Earthster introduces an approach that starts with the conventional LCA data world as its foundation, and then introduces user-driven data generation on top of it. We have set out to empower all actors in the economy to make LCA-informed decisions. If we can empower millions of users, we will have simultaneously empowered and incentivized millions of LCA data collectors.

To build LCA models of their products, these actors will use their ready access to information about their own process’s interactions with the environment and with the economy. At first they will do like today’s niche of a few thousand specialized model builders: they’ll link their foreground data to some background data in order to obtain and use their own model of their own products.

A popular open source maxim is ‘With enough eyeballs, all bugs are shallow”, meaning that projects with lots of contributors have higher bug fix rates. Earthster’s corollary is: with enough LCA modelers, all data is foreground.

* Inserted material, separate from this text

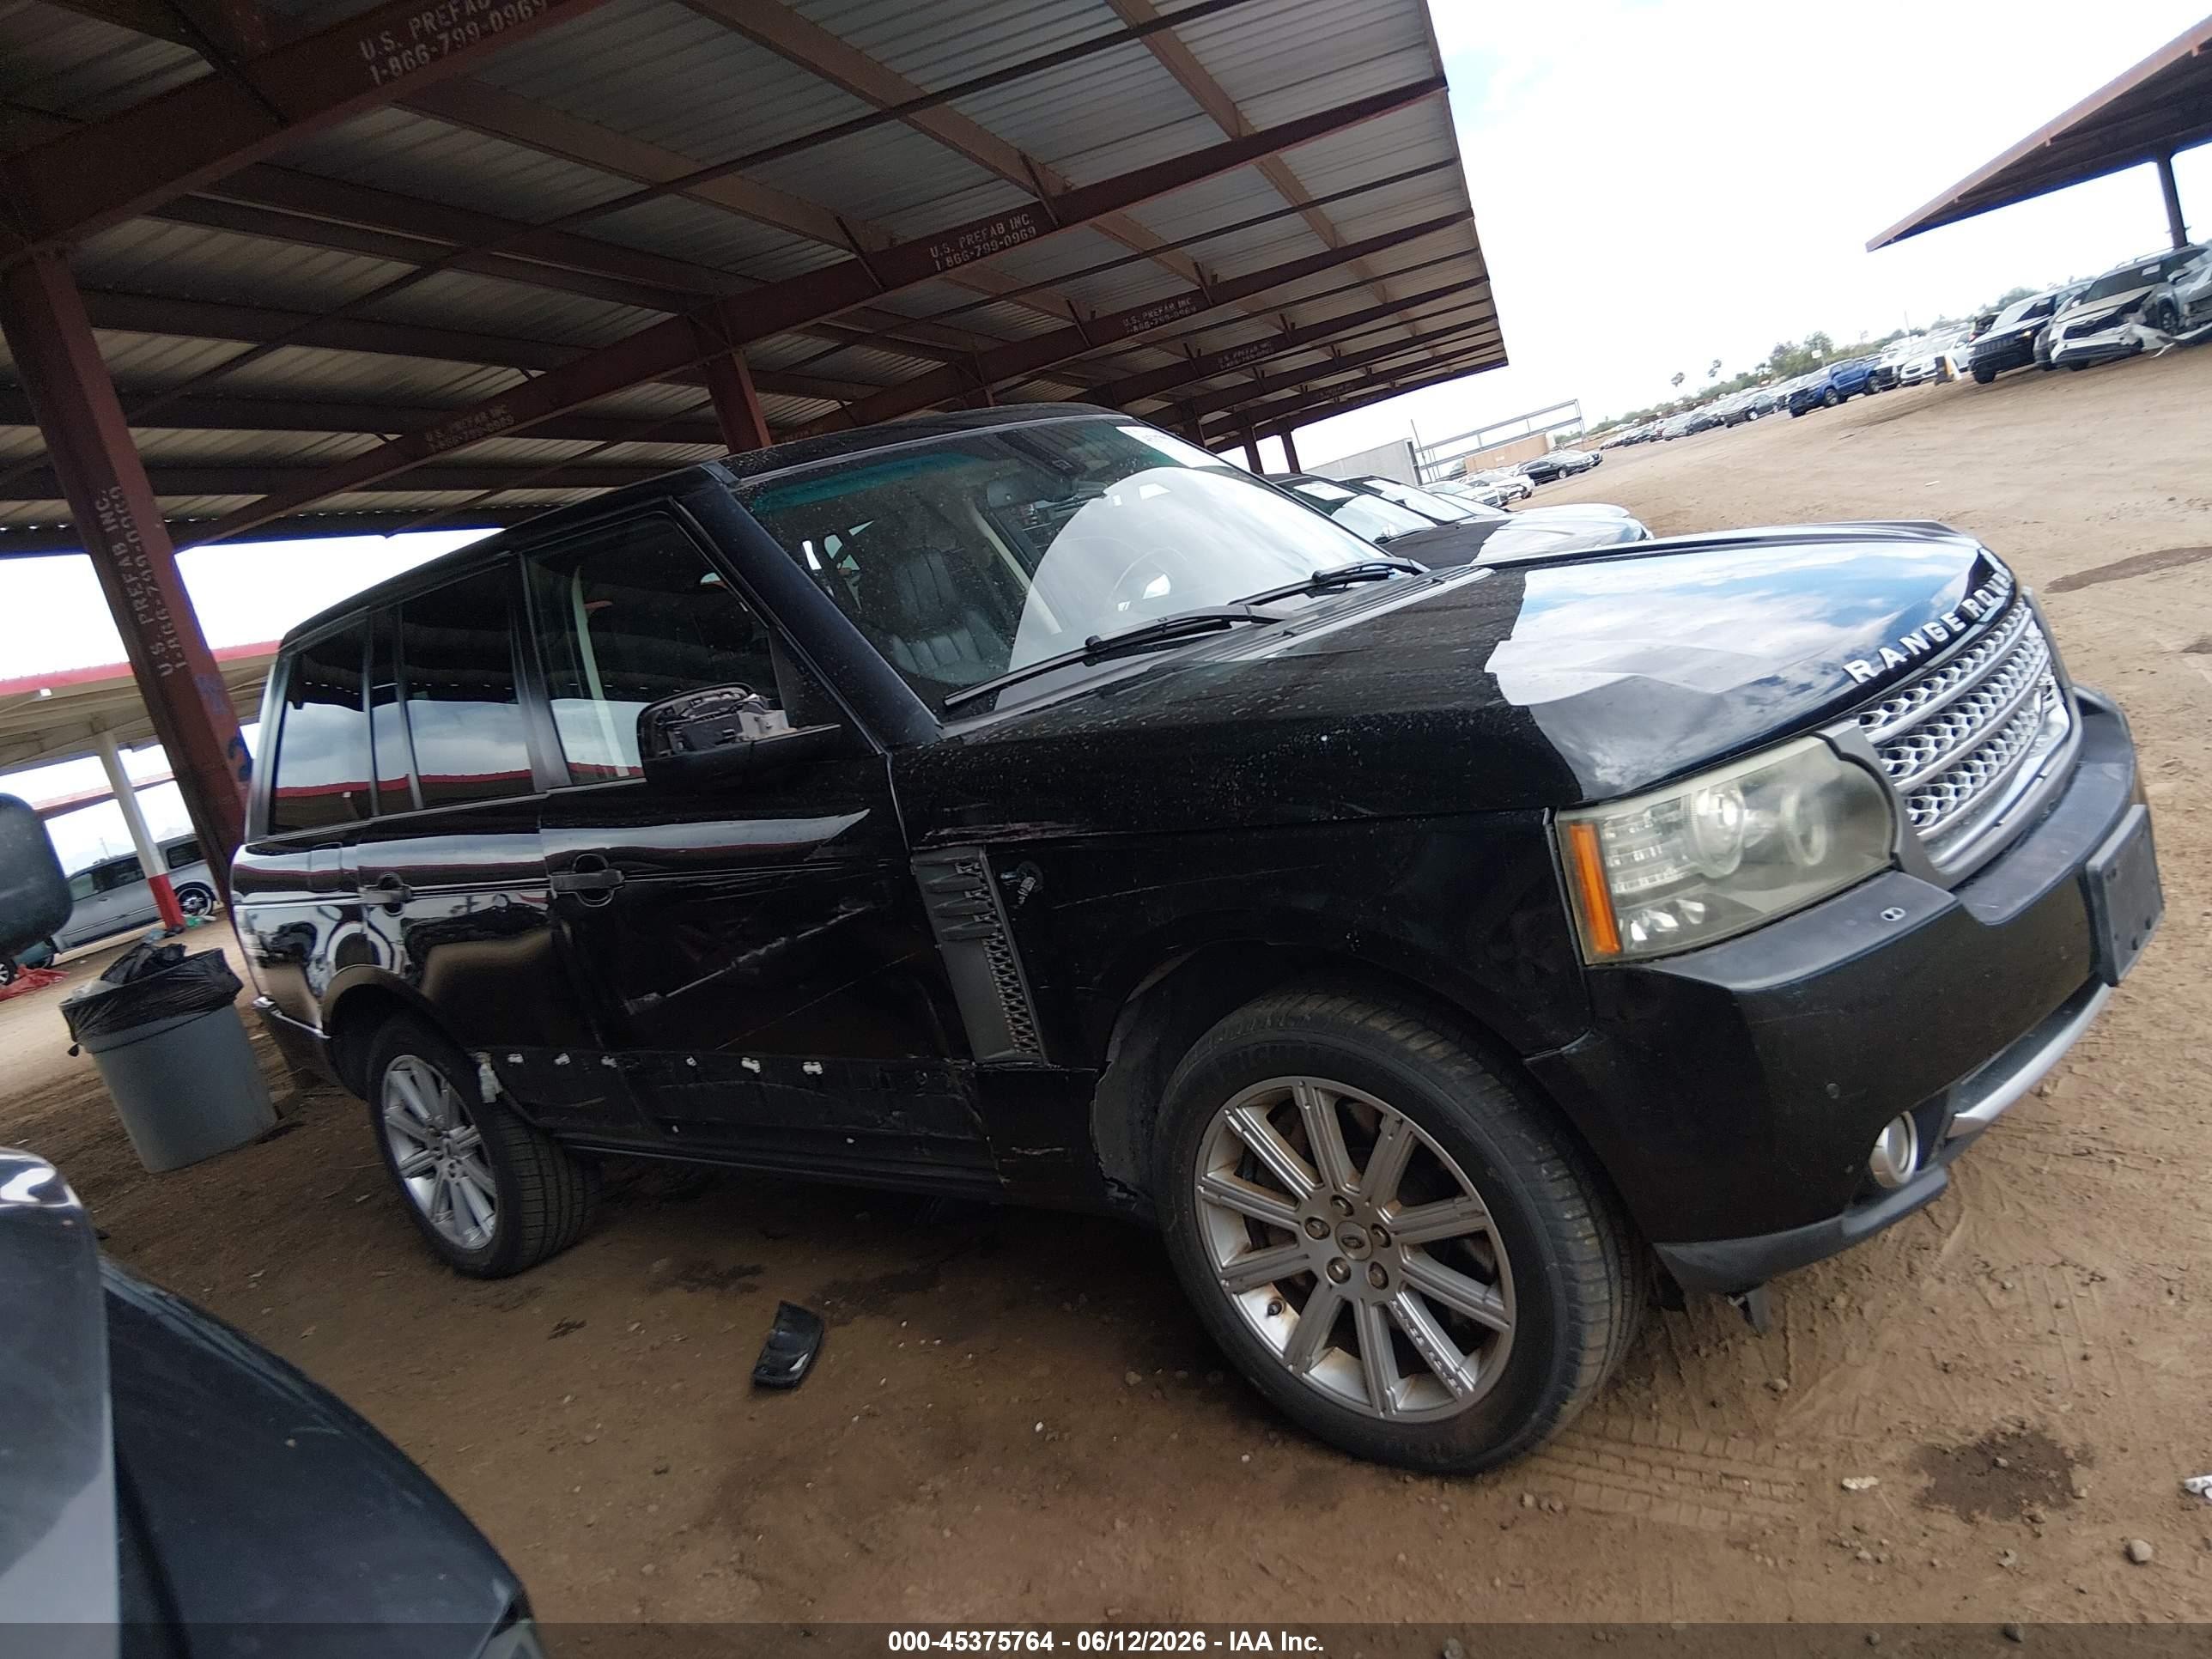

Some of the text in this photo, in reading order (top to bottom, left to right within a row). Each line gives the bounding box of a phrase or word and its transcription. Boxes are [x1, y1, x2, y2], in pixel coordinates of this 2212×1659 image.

Earthster sets up a situation akin to the famous story of the blind people and the elephant.  In this fable, a group of blind people encounter an elephant, and while each has valuable local knowledge, none is able to perceive the whole.  A person at a leg shouts “it’s a tree”; a person near the elephant’s broad side shouts “it’s a wall.”  A person at the tail shouts “it’s a rope” while a person at the trunk shouts “it’s a snake.”

How do they arrive at the full and accurate picture of reality? They can’t take a vote or they would likely conclude it’s a tree. They can’t adopt the view of the best arguer or the most senior. The accurate picture comes from a combination of (a) listening to everyone, and then (b) collectively creating a synthesis, leading to more than the simple aggregation of what each local observer thought they had found.

In our case, the blind people are the actors in the economy.  And the elephant is the economy’s relationship with its natural/physical/living home. Earthster allows unit processes around the world to express themselves, and it creatively synthesizes the data from each, fed back to all.

The omniscient observer approach with a small band of specialists works OK when the reality being modeled is changing slowly enough. In a slow world, we can wait for the small band of specialists to make their way around the cathedral, measuring and recording one brick at a time.  But our world is more like a walking elephant, and one that now needs to break into a sprint.

“It is what it is” we like to say. And yeah, it was what it was, yesterday. But now it’s continuously changing, and wants to change, and needs to change, faster than ever before.

We need to hear from everyone now, so we’re empowering everyone now, to find out and share:

  • What is happening where you are?
  • How are you connected with nature?
  • How are you connected to the rest of us?
  • And what can you change, where you are, that will help to make us all – and our future on this planet – better?